Everything in the entries below except the pictures must be returned exactly.

Records:
────────
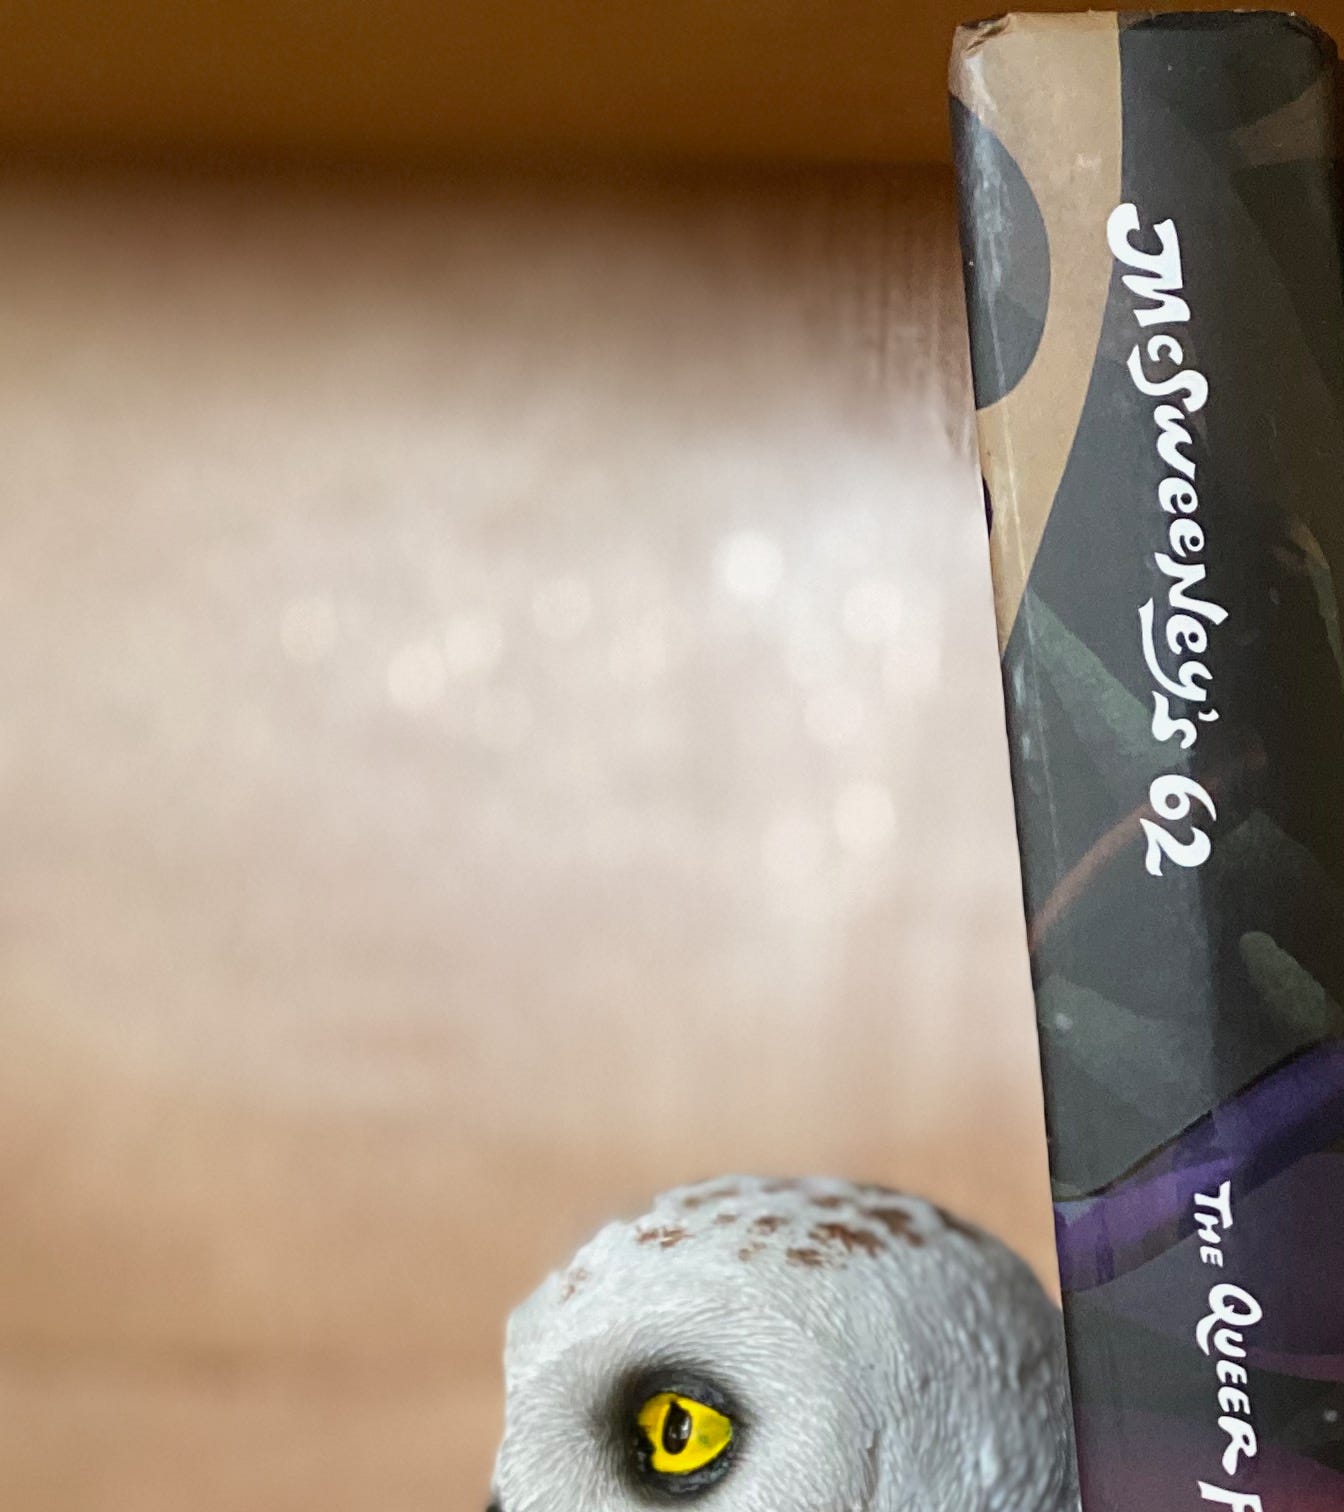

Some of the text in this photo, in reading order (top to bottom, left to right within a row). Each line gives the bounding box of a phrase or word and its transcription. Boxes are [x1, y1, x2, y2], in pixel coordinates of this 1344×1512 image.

[1138, 774, 1216, 877] 62
[1194, 1180, 1234, 1268] THE
[1196, 1282, 1264, 1476] QUEER
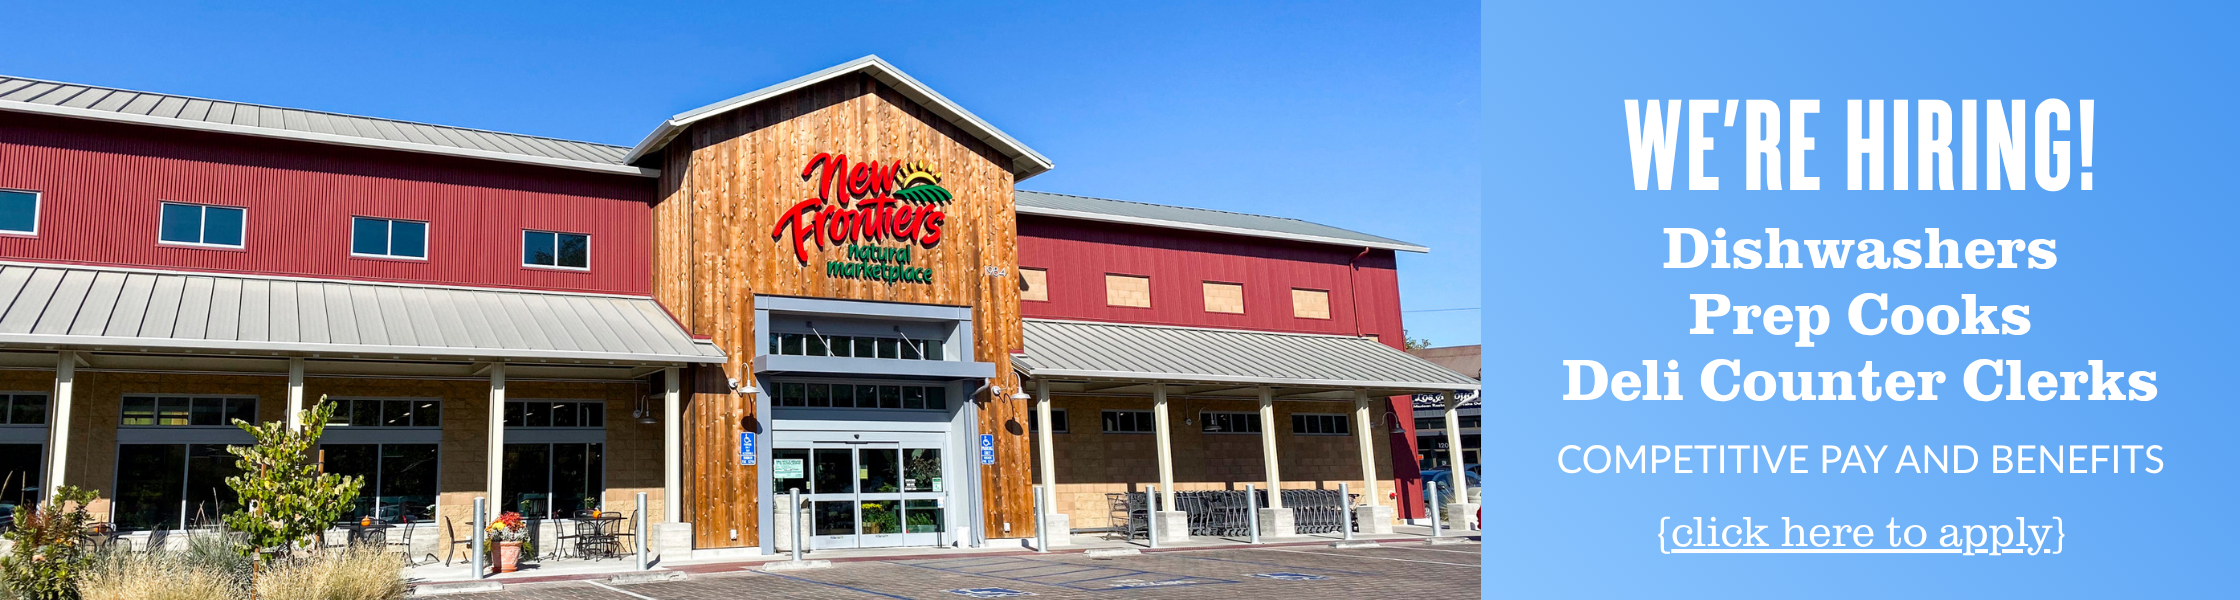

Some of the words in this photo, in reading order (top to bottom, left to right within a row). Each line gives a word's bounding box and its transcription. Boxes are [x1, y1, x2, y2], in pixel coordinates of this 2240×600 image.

[802, 152, 901, 205] New
[772, 192, 946, 262] Frontiers
[848, 243, 911, 264] natural
[826, 260, 933, 284] marketplace
[983, 265, 1007, 278] 1984
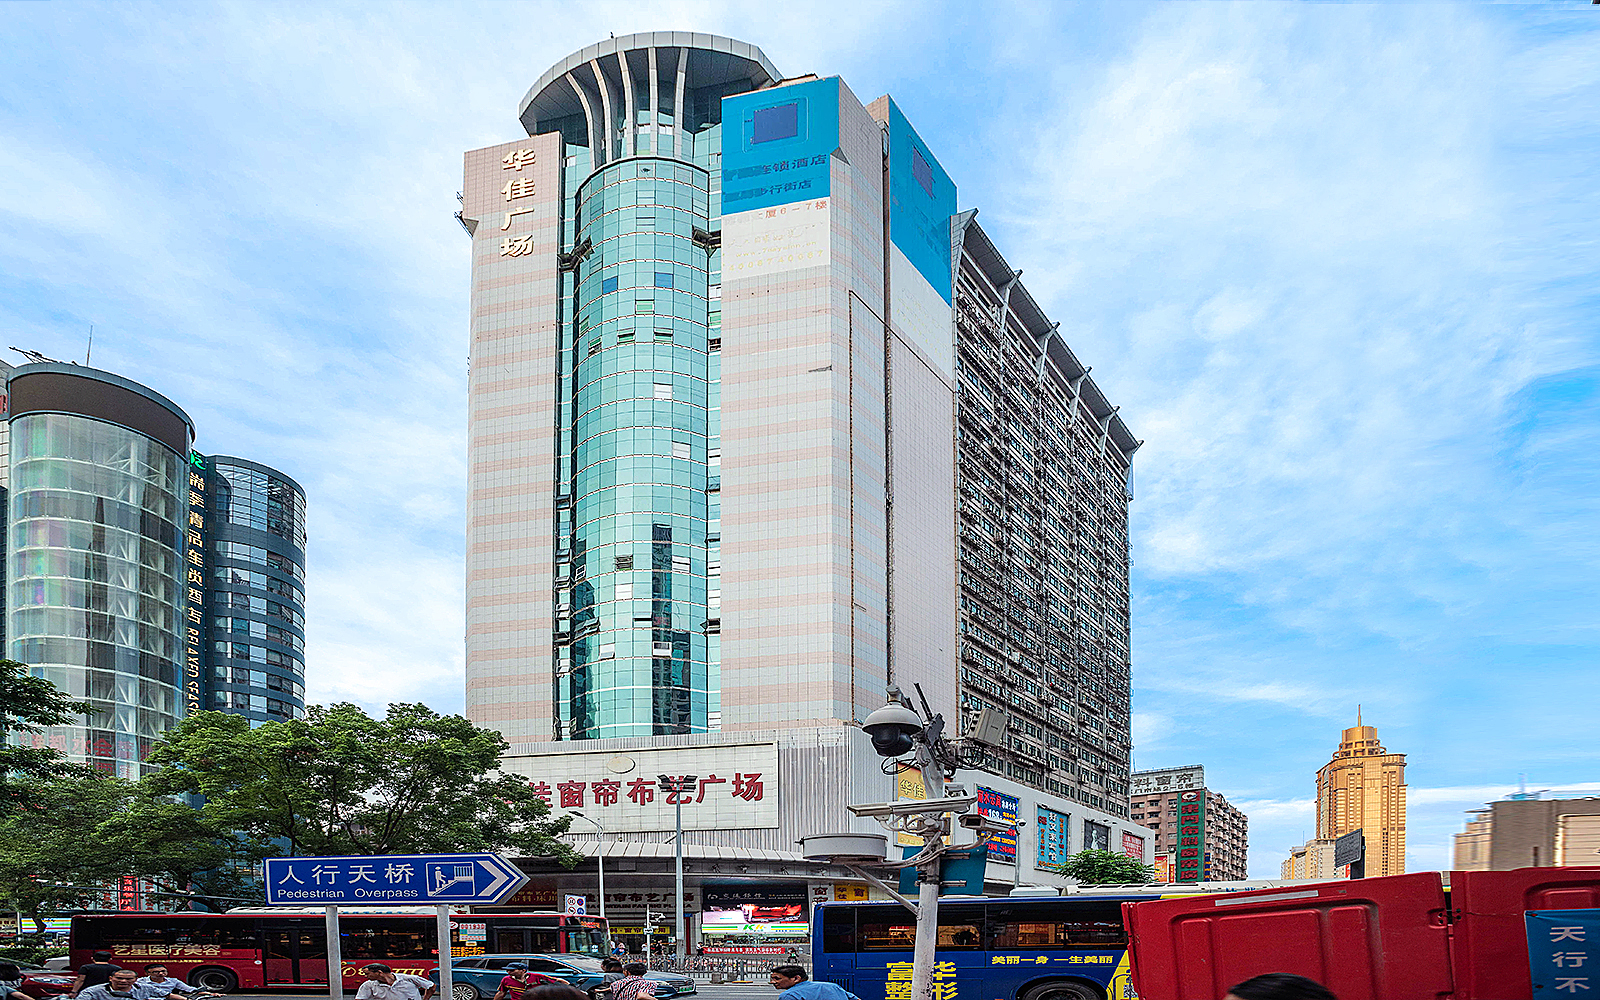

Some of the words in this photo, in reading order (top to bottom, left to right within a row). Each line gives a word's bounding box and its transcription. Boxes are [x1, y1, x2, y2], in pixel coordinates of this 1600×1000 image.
────────
Exercise result:
Some of the text in this photo, in reading order (top to bottom, left to right within a row). Each line gives the bounding box of a phrase or word and its transcription. Boxes are [x1, y1, x2, y2], in pixel coordinates of this 1344×1512 image.

[1138, 774, 1216, 877] 62
[1194, 1180, 1234, 1268] THE
[1196, 1282, 1264, 1476] QUEER

Some of the words in this photo, in reading order (top to bottom, left to right within a row). Each line gives a word's bounding box and its transcription. Boxes are [x1, y1, x2, y2], in pixel coordinates of this 2240×600 image.

[802, 152, 901, 205] New
[772, 192, 946, 262] Frontiers
[848, 243, 911, 264] natural
[826, 260, 933, 284] marketplace
[983, 265, 1007, 278] 1984

Some of the words in this photo, in reading order (top to bottom, left to right within a row). Each line gives a word's bounding box and its transcription. Boxes are [x1, y1, x2, y2], in pixel coordinates of this 1600×1000 image.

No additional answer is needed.